Most people won’t allow it until they exhaust themselves with pain and sorrow. “Stay with it…”
What if the answer to the teacher’s question had been… Joy?
What if I said: “What about my heart?”
And He said: “Tell me what you hold inside it?”
And I said: “It’s full of joy.”
What would He say then?
Would He say, “Hm, you better go find some pain and sorrow, ‘cuz that’s where the light enters you.”
I don’t think so.
I think He might say: “Ah, you have allowed the light of clarity and self-realization to enter you. How wonderful.
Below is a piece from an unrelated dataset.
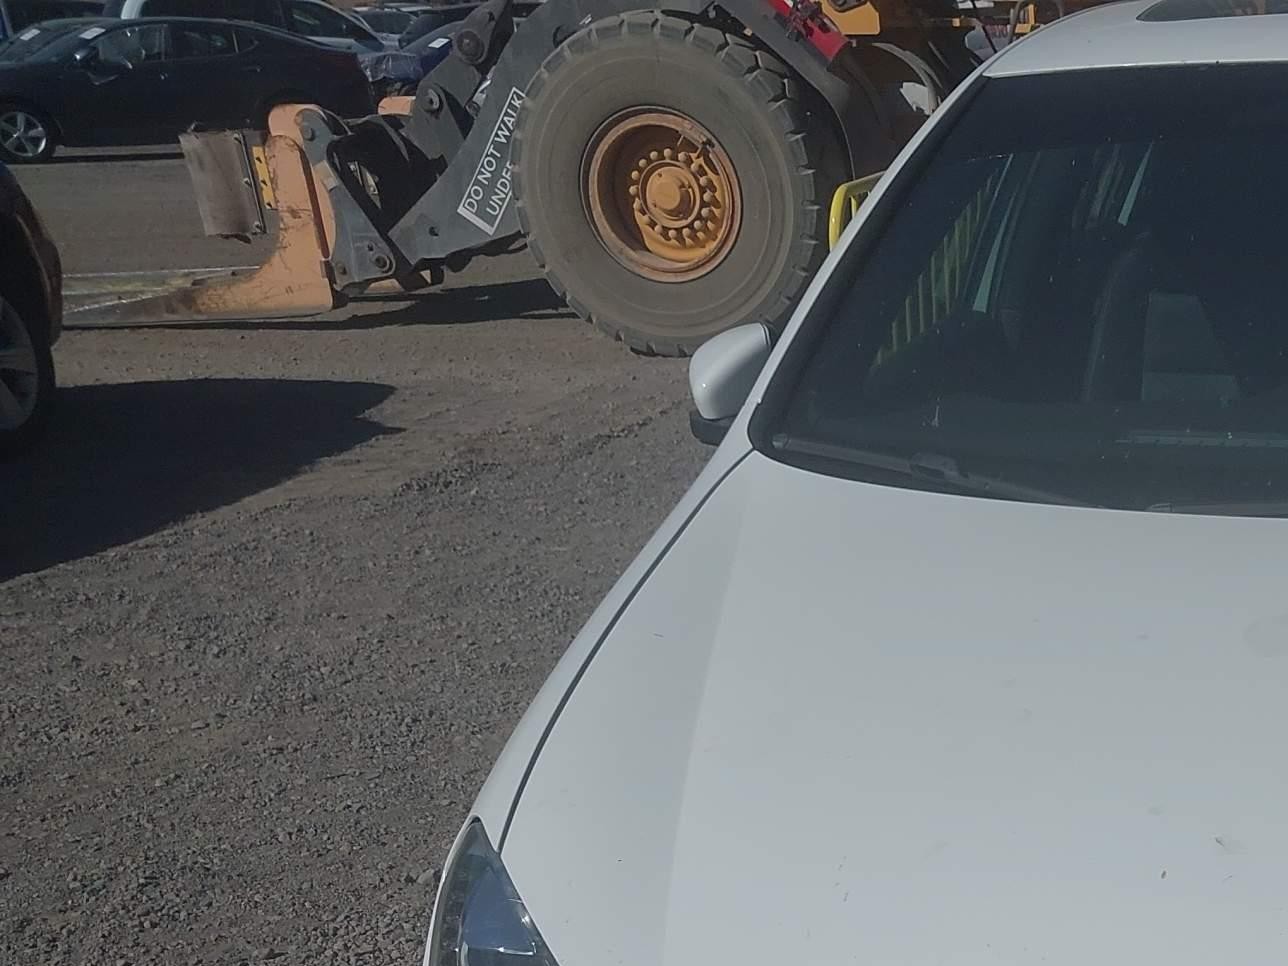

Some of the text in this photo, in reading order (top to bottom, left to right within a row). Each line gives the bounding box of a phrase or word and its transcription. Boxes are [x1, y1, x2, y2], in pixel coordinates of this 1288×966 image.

Welcome home. Are you enjoying this life as fully as you might? Have you discovered yet that there is no limit to your joy, and to the growth and discovery and expansion that joy provides?”
There’s a popular belief today, a very old and persistent belief actually, rooted in the religious dogmas of the ages, that joy and suffering are bound together in equal measure, and also that growth or reward is a product of struggle or sacrifice.
These are self-fulfilling truths for those who believe and enact them, but they are not absolute. Not even close.
Plenty of people are living overwhelmingly joyful lives, with little suffering. And plenty of people are benefiting from the exhilarating growth that comes with the choice to embrace joy.
Rumi knew that joy is our nature, and he knew that pain and sorrow will sometimes be part of our life experience, and that this provides valuable contrast, prompting us always to let the light in, to remember again our essence.
His words soothe those who have not yet come to fully realize their essence as joy, and encourage those who know better but have temporarily wandered into the weeds, as we all will from time to time, only to experience the satisfaction of returning, again and again, with “eyes on the road” and “passion burning”, to our true Self.